=== The records ===
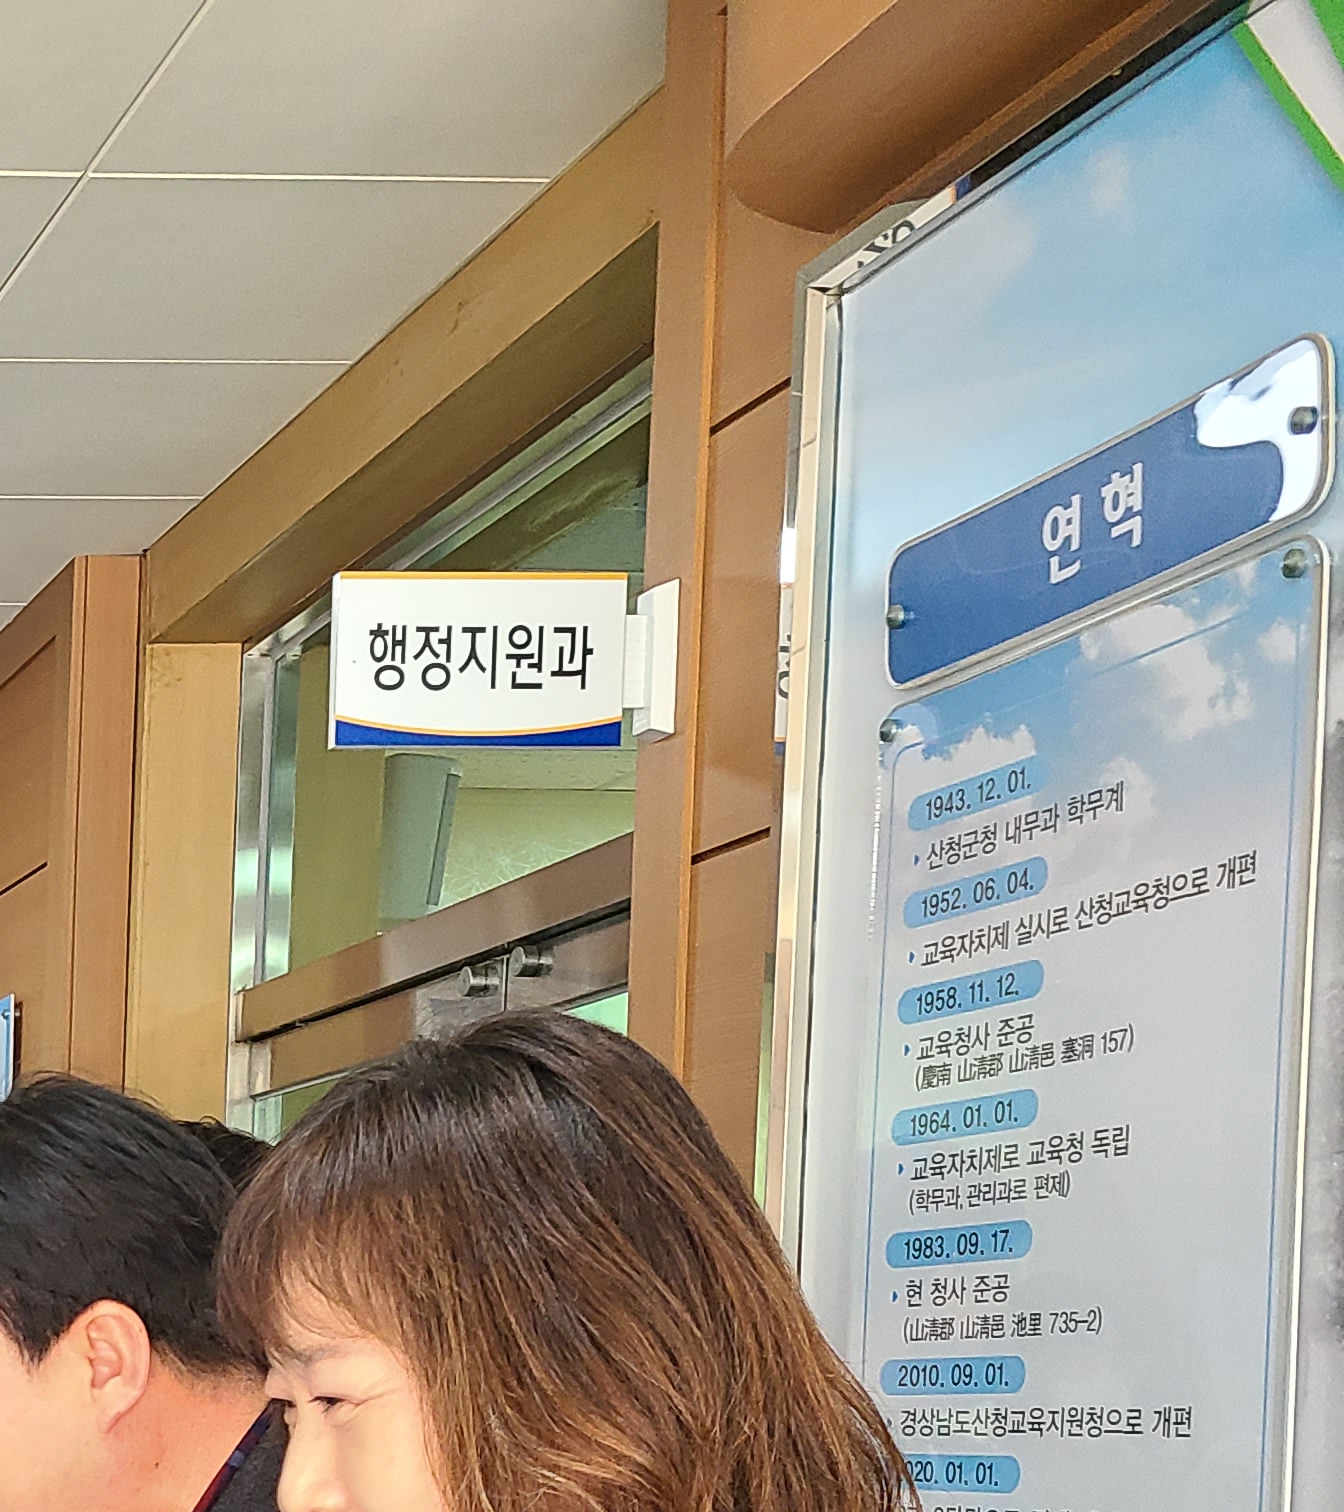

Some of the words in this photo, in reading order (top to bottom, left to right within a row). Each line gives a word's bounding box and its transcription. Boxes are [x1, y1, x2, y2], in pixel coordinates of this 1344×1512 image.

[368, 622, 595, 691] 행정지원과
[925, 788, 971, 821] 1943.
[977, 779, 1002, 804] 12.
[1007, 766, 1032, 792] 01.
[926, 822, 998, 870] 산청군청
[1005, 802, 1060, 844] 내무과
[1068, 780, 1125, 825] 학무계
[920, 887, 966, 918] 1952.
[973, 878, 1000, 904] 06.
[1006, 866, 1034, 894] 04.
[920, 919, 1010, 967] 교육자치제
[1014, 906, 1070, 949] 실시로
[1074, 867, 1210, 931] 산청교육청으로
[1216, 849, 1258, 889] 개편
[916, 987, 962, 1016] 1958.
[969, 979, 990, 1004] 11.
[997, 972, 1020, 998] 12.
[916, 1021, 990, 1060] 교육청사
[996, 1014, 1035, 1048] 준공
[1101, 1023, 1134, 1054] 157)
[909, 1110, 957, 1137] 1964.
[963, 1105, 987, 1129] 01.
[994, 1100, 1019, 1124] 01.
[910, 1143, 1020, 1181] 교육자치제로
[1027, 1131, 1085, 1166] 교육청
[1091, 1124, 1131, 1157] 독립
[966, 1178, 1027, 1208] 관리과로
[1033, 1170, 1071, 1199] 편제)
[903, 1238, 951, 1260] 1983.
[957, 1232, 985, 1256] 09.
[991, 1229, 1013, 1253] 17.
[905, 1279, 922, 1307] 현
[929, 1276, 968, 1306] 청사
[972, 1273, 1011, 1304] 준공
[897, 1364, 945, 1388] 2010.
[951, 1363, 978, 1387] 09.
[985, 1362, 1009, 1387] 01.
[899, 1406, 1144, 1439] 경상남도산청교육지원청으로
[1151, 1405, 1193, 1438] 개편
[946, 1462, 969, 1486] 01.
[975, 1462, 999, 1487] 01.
===
Write the records out again exactly as shown above, keeping no pictures.

### Exercise answer:
Some of the words in this photo, in reading order (top to bottom, left to right within a row). Each line gives a word's bounding box and its transcription. Boxes are [x1, y1, x2, y2], in pixel coordinates of this 1344×1512 image.

[368, 622, 595, 691] 행정지원과
[925, 788, 971, 821] 1943.
[977, 779, 1002, 804] 12.
[1007, 766, 1032, 792] 01.
[926, 822, 998, 870] 산청군청
[1005, 802, 1060, 844] 내무과
[1068, 780, 1125, 825] 학무계
[920, 887, 966, 918] 1952.
[973, 878, 1000, 904] 06.
[1006, 866, 1034, 894] 04.
[920, 919, 1010, 967] 교육자치제
[1014, 906, 1070, 949] 실시로
[1074, 867, 1210, 931] 산청교육청으로
[1216, 849, 1258, 889] 개편
[916, 987, 962, 1016] 1958.
[969, 979, 990, 1004] 11.
[997, 972, 1020, 998] 12.
[916, 1021, 990, 1060] 교육청사
[996, 1014, 1035, 1048] 준공
[1101, 1023, 1134, 1054] 157)
[909, 1110, 957, 1137] 1964.
[963, 1105, 987, 1129] 01.
[994, 1100, 1019, 1124] 01.
[910, 1143, 1020, 1181] 교육자치제로
[1027, 1131, 1085, 1166] 교육청
[1091, 1124, 1131, 1157] 독립
[966, 1178, 1027, 1208] 관리과로
[1033, 1170, 1071, 1199] 편제)
[903, 1238, 951, 1260] 1983.
[957, 1232, 985, 1256] 09.
[991, 1229, 1013, 1253] 17.
[905, 1279, 922, 1307] 현
[929, 1276, 968, 1306] 청사
[972, 1273, 1011, 1304] 준공
[897, 1364, 945, 1388] 2010.
[951, 1363, 978, 1387] 09.
[985, 1362, 1009, 1387] 01.
[899, 1406, 1144, 1439] 경상남도산청교육지원청으로
[1151, 1405, 1193, 1438] 개편
[946, 1462, 969, 1486] 01.
[975, 1462, 999, 1487] 01.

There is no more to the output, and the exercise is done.